“I Survived With Five”

I think I’m going to make a t-shirt with that saying: “I Survived With Five.” I’m sure you moms with more than five are probably laughing at me.

This whole being a mom of five little ones is HARD! I realize it’s only 2.5 weeks in, but I am exhausted.

The baby is wonderful, he really is. But, seriously, eating every 1.5 to 2 hours is a bit ridiculous. ๐Ÿ™‚ Doctor said it’s perfectly normal, but I am just not used to it. My other kiddos ate about every 3 or 4 hours from the start, so this is new for me. Two nights ago, he stretched it to 3.5 hours twice, but last night he was back to the usual 1.5 to 2 hours. It’s so tiring…but I know he obviously has to eat!

Here’s our days so far:

12:00 AM (or around there) to 12:30 AM – baby wakes to eat, burp, and poop

2:30 ish AM – repeat

4 AM – repeat again

5:45 AM – husband’s alarm clock goes off

6 AM – I am unable to fall back to sleep, so I get up and look forward to coffee. Head downstairs to start breakfast.

6:15 AM – Breakfast is ready, girls are up, baby is VERY hungry. We sit to eat; I nurse baby while we eat. Poopy diaper change, too.

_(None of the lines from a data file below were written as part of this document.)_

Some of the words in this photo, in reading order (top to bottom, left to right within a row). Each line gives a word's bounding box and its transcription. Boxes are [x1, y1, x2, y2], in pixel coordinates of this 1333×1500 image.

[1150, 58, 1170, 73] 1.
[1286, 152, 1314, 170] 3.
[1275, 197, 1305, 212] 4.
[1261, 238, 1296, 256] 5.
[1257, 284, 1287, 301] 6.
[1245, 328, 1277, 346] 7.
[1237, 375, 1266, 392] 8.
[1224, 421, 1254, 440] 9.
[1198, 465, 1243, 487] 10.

Short time later, Buddy is up. Time to change his diaper and feed him breakfast. Girls are arguing over who gets to pick a cartoon to watch first.

6:50 AM – husband leaves for work. Girls get dressed, brush teeth and make beds. Thankfully, we’ve been able to keep them regular with getting those things done…when I remember to lay out clothes for them!

7 AM – I check emails, Facebook, and look over any new recipes I’ve found online. I pull meat out of the freezer, if we’re having a meat dish for dinner.

8 AM – Time to feed baby again. Another poopy diaper change. Looking forward to the shower I passed up at 6 AM, when my husband offered me to take one before the kids got up. I declined because I just really wanted coffee. Should’ve taken him up on it because with all the chaos , I feel like I’ll never get a shower today. I throw in a load of laundry.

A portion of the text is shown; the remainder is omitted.